Looking Back to the Future: A Glimpse at Twenty Years of Data Science

1. Introduction

Data science, namely the science of data and science facilitated by data, has significantly changed how we work, study, and live. Over the recent two decades, statistics show a growing interest in data science (see Figure 1) that remained relatively steady early in the new millennium before a constant increase in the most recent decade. Moreover, the incredible power embedded in data science ignites the worldwide digital revolution in which everyone enters the unprecedented big data era (Science International 2015).

Figure 1

This paper carries out a lightweight literature review to unveil data science in the last 20 years. It employs scientometric methods to identify data science essentials and introduces examples illustrating multidimensional challenges. It also includes an analysis of future trends and proactive actions. Hopefully, this paper will help reflect on data science work and support its future development under open science guidance (UNESCO 2021).

2. Exploring the Full Potential of the Big Data Era

From no data and little data to big data (Borgman 2015), the new era brings the most significant advances to data science. According to Google Trends, the most relevant data science topics searched fall into different categories, such as data, technology, infrastructure, and education (see Table 1). Another word frequency analysis of the data science publications on the Web of Science platform shows similar results (see Figure 2). Therefore, we employ the four essential components (see Figure 3), namely data resources, technologies, data infrastructures, and data education, to depict data science trends.

Figure 2

Figure 3

As the new underpinning of the digital revolution, data have become hot spots in different areas. Many types of research, far away in the luminous galaxies (Combes 2021) or up close in the micro-ecosystems (ISC 2021), are driven by data-related research resources. Data-centric research drives paradigm shifts to address transparency and openness throughout the data life cycle. Data improve the performance of global governance by steadily aggregating social capital (Malgonde & Bhattacherjee 2014) and proliferate the digital economy by reducing costs and facilitating value appreciation of data-relevant assets.

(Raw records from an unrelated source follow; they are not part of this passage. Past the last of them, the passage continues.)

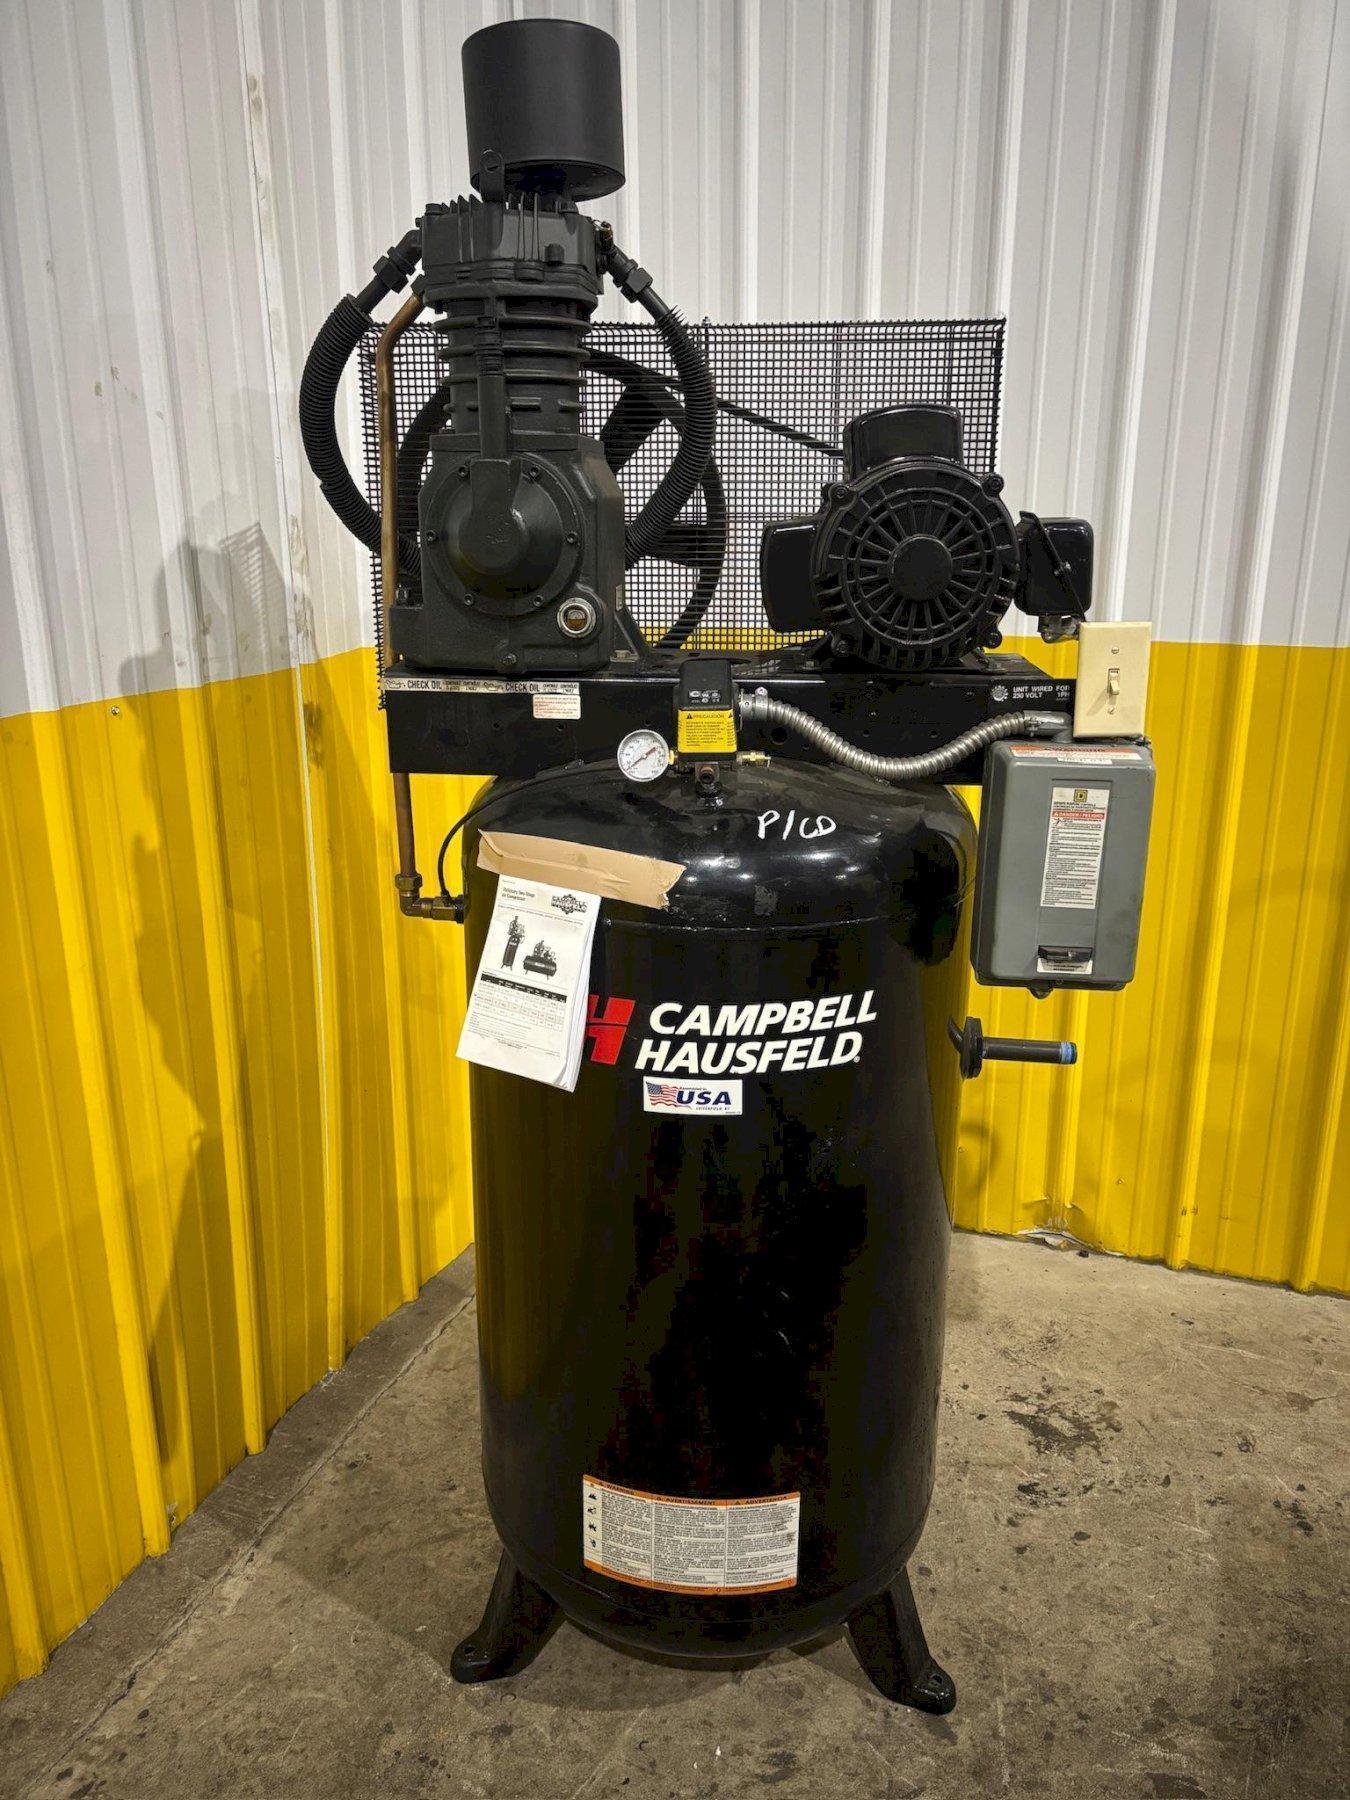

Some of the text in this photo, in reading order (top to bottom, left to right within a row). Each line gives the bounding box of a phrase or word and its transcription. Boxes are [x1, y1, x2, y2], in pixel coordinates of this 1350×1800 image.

[407, 680, 430, 689] CHECK
[431, 681, 442, 690] OIL
[505, 682, 528, 692] CHECK
[529, 683, 541, 692] OIL
[649, 990, 878, 1036] CAMPBELL
[634, 1031, 864, 1075] HAUSFELD
[676, 1090, 732, 1106] USA
[606, 1484, 635, 1496] WARNING
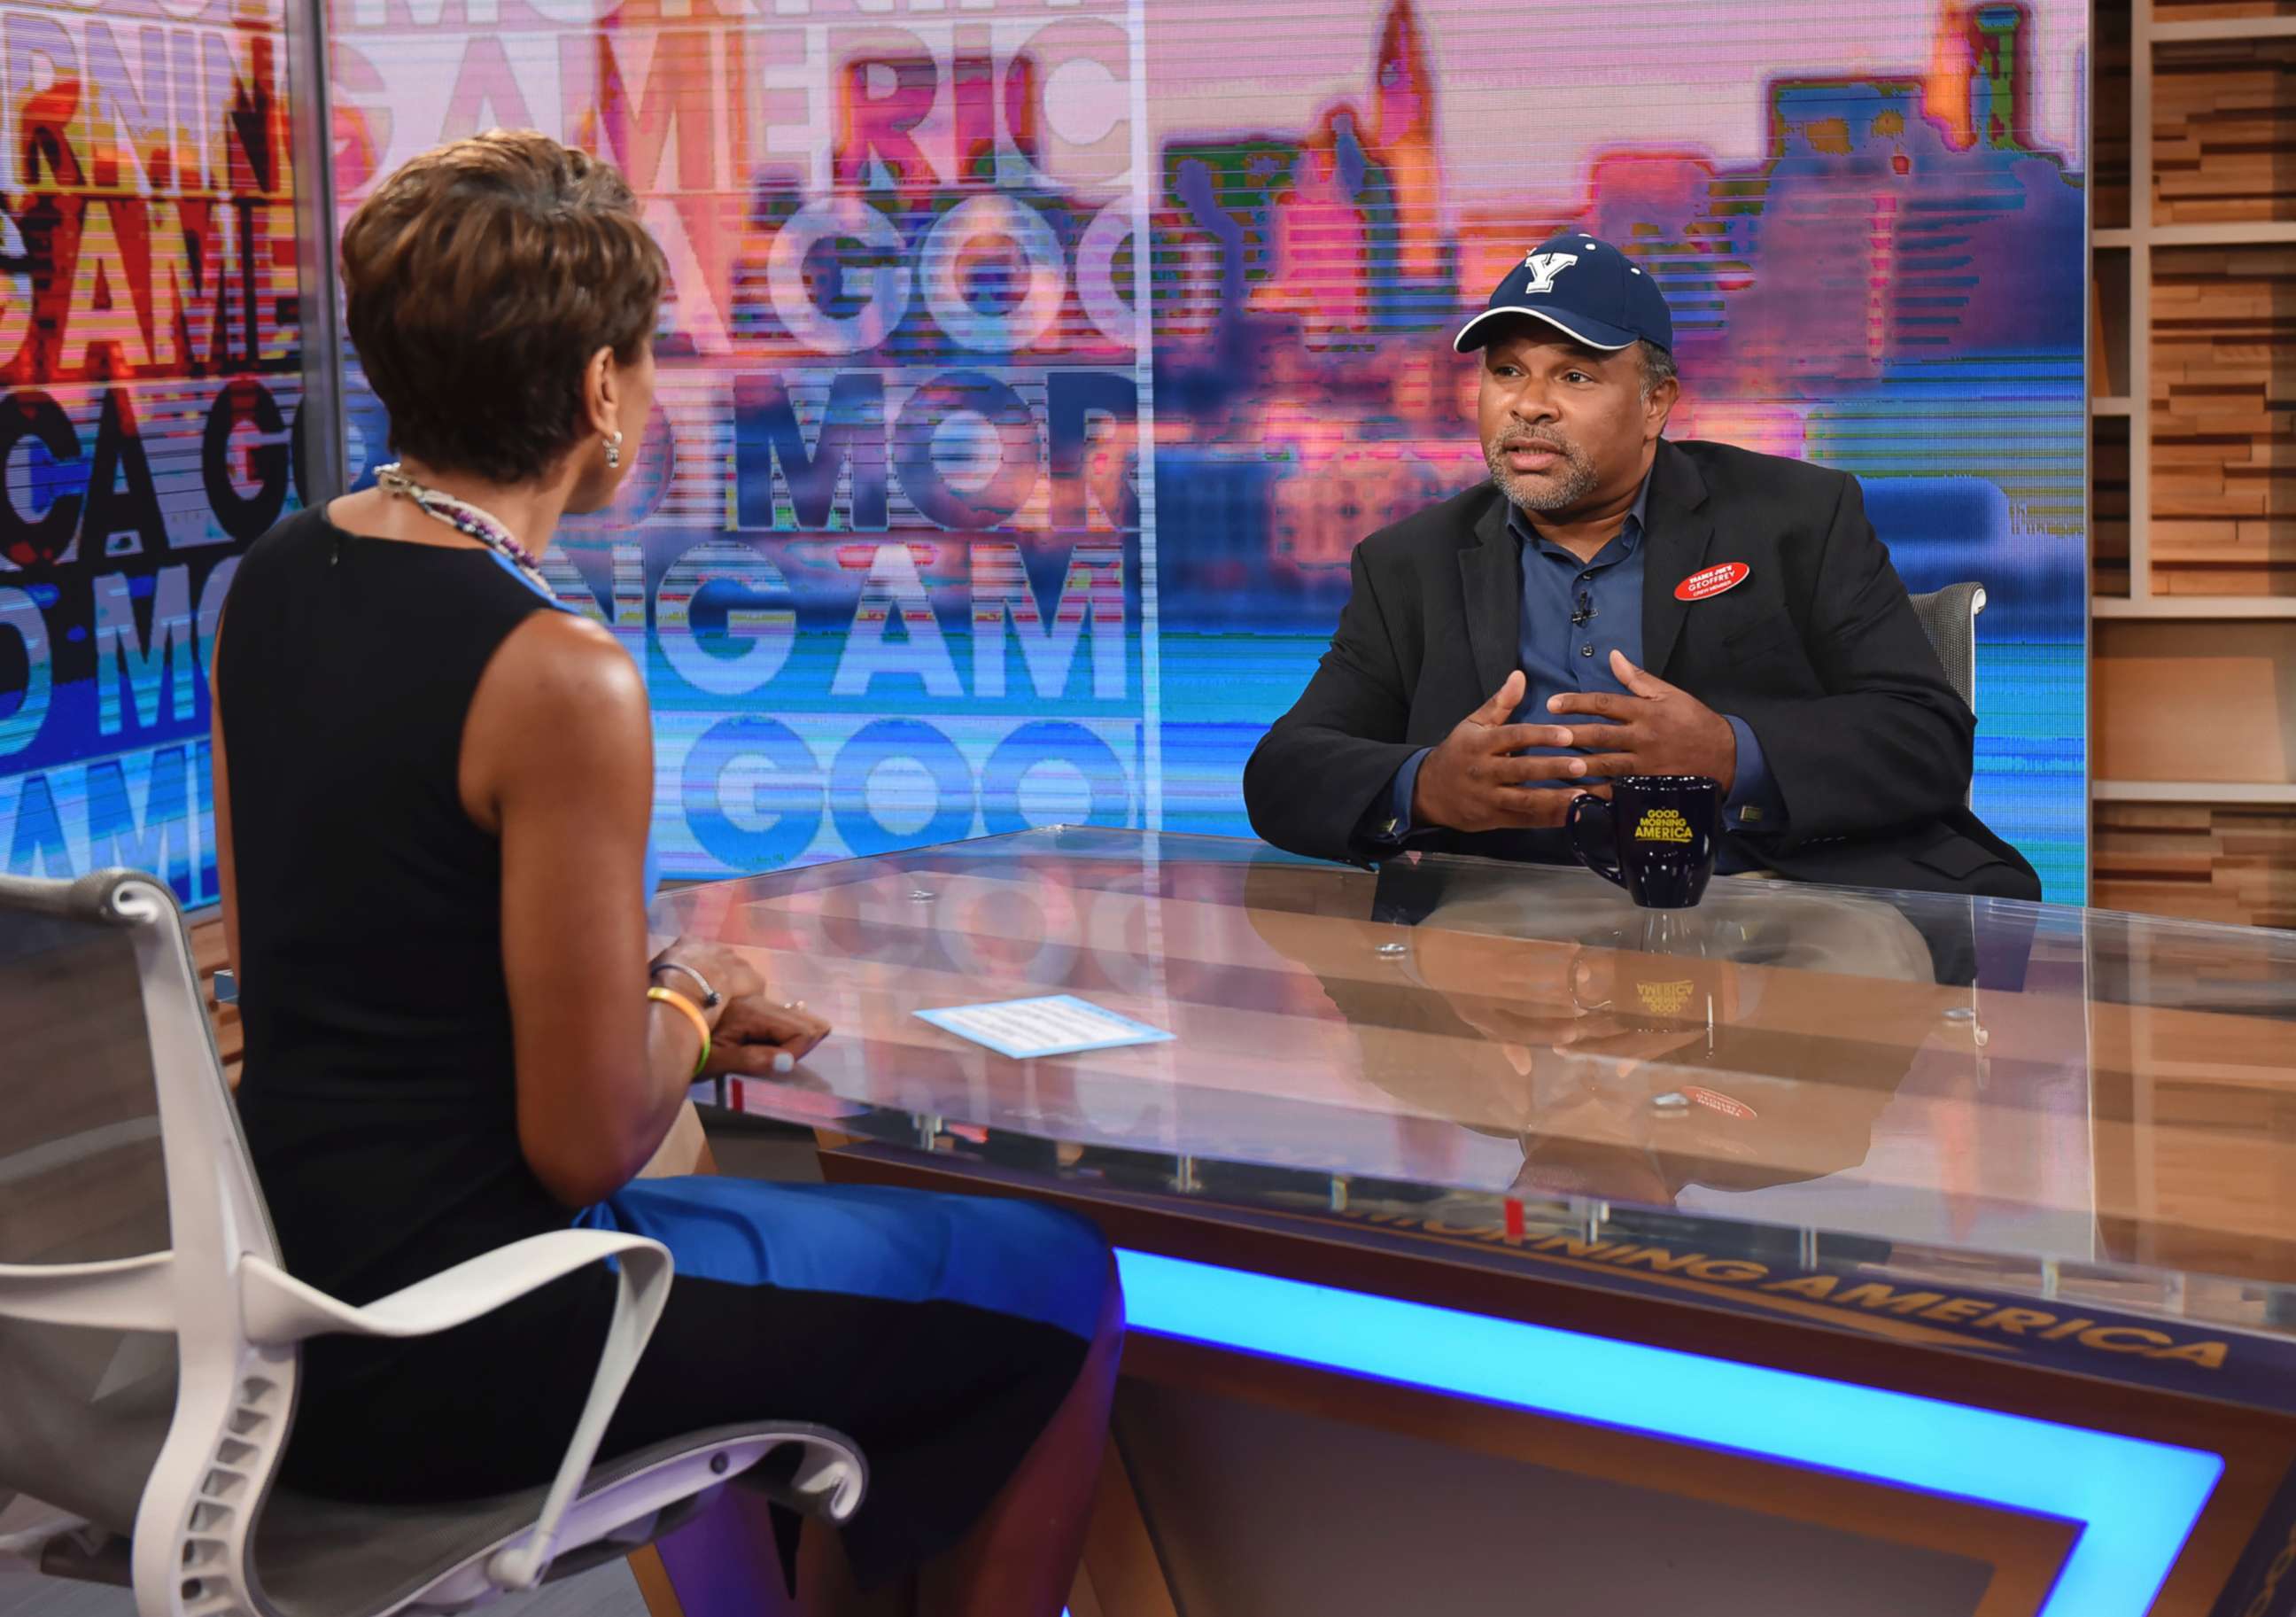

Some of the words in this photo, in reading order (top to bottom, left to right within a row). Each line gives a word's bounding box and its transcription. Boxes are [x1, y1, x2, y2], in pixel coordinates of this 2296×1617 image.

Nevertheless, data are not alone. The supporting information and communication technologies (ICT) provide opportunities to facilitate the full exploitation of data value. From analysis to analytics (Cao 2017), technologies transfer data from facts to insights. From data mining to artificial intelligence, technical development drives data to understand the past and envisage the future (Provost & Fawcett 2013). From centralized data control to cloud solutions, technologies support better data management for scalable research. Thus, as catalysts and boosters, technologies improve data performance by adding value to data within the whole life cycle and every workflow.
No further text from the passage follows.